身体に蓄積したエネルギーを少しずつ使いながら、私はヨタヨタ歩きで外へ出た。
異臭。
玄関のドアを開けた瞬間に饐えた匂いが漂い、思わずドアを閉めてしまう。嗅いだ事は今まで無い。それなのに直感で私はそれが分かってしまった。
――物の腐った匂い。即ち死臭。
風の音も鳥の声もない静寂に、ドッドッドッ、と忙しなく動く心音だけが耳に届く。力が入らないことも、すっかり頭から抜け落ちてはいるが、私は意を決してもう一度ドアを開いた。
「これは、人間から魔法使いによる先制布告です。我々は既に魔法に頼らずとも生きていけます。共存だと言って我々を虐げてきた魔法使いに、報復の時がやって来たのです」
どこからか聞こえる声は、人間の技術によるものだろう。私達の伝達魔法に近いものなのだろうか。どうにかしてこれを止めなくては、と立ち上がり遠方の自然の力を手に入れようと、意識を集中させる。
「――! ダメ! 自然を壊せば、人間の住処もなくなるわ!」
思念で見えてきた映像には上空を覆う先程の黒い球体が。原理は一切分からないが、あれが自然を焼き払うのは目の当たりにしている。
どうにか人間にこの声が聞こえないのか叫んでみても、聞く耳を持っていないのか、受信するような技術を導入していないのか、反応はない。取り返しのつかない事になる前に急がなくては。

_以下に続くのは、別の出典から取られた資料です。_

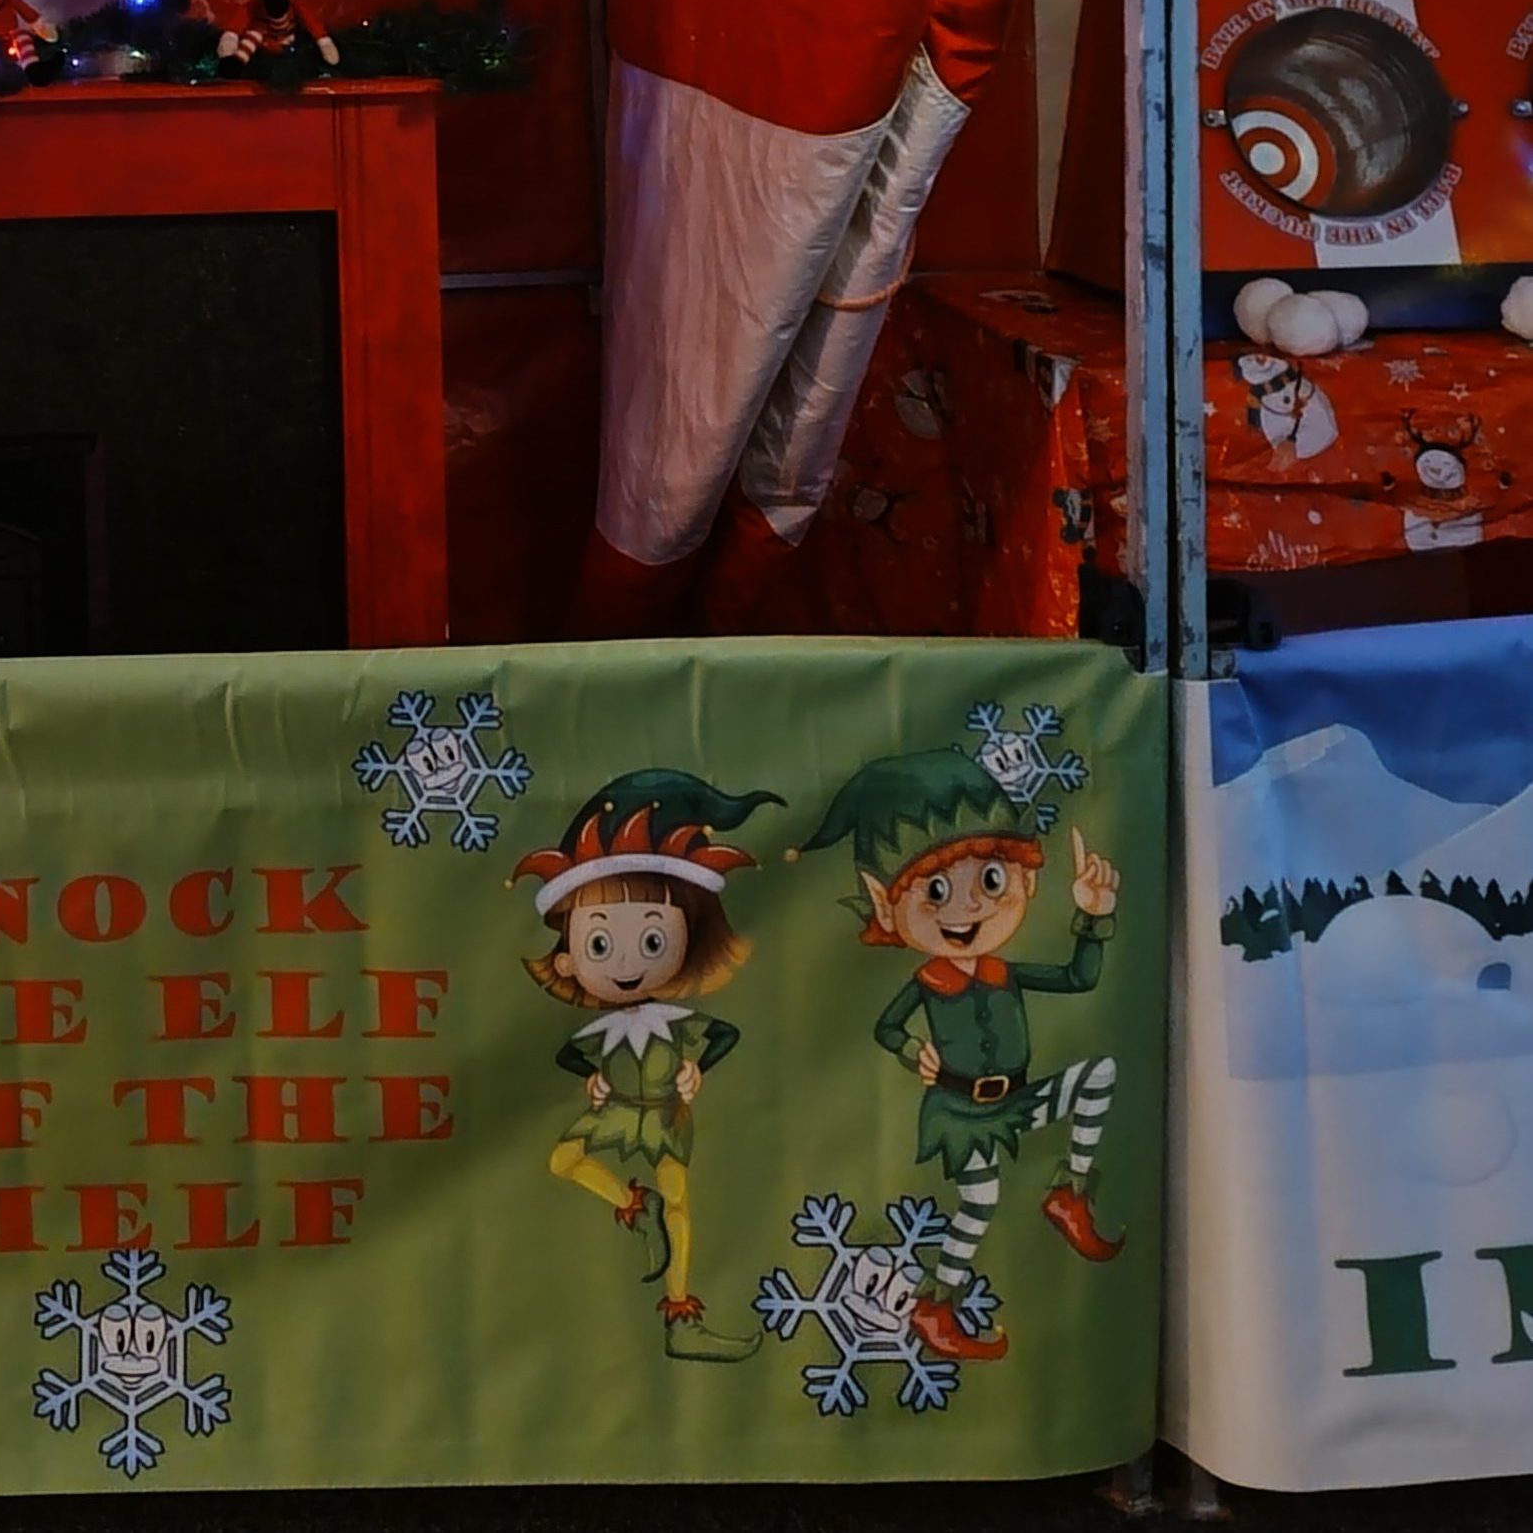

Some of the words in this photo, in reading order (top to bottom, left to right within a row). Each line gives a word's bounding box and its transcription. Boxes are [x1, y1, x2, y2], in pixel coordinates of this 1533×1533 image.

風に運んでもらおうと思い箒を手に取るが、130cm程の私の体すら飛ばす力がないのか、箒に跨いでも何も起こらない。絶望に立たされたような気持ちになり、更に倒れている魔法使い達を見、今さらながら恐怖から足が竦む。
「ミィ…シャ…」
か細く聞こえた私を呼ぶ声。直ぐに箒を投げ捨てて、私を呼んだ親戚の元へ向かう。遠い親戚だと言っても私を邪険に扱うことなく、優しく広い心で2歳の時から今、13歳まで育ててくれた、母とも呼べる人。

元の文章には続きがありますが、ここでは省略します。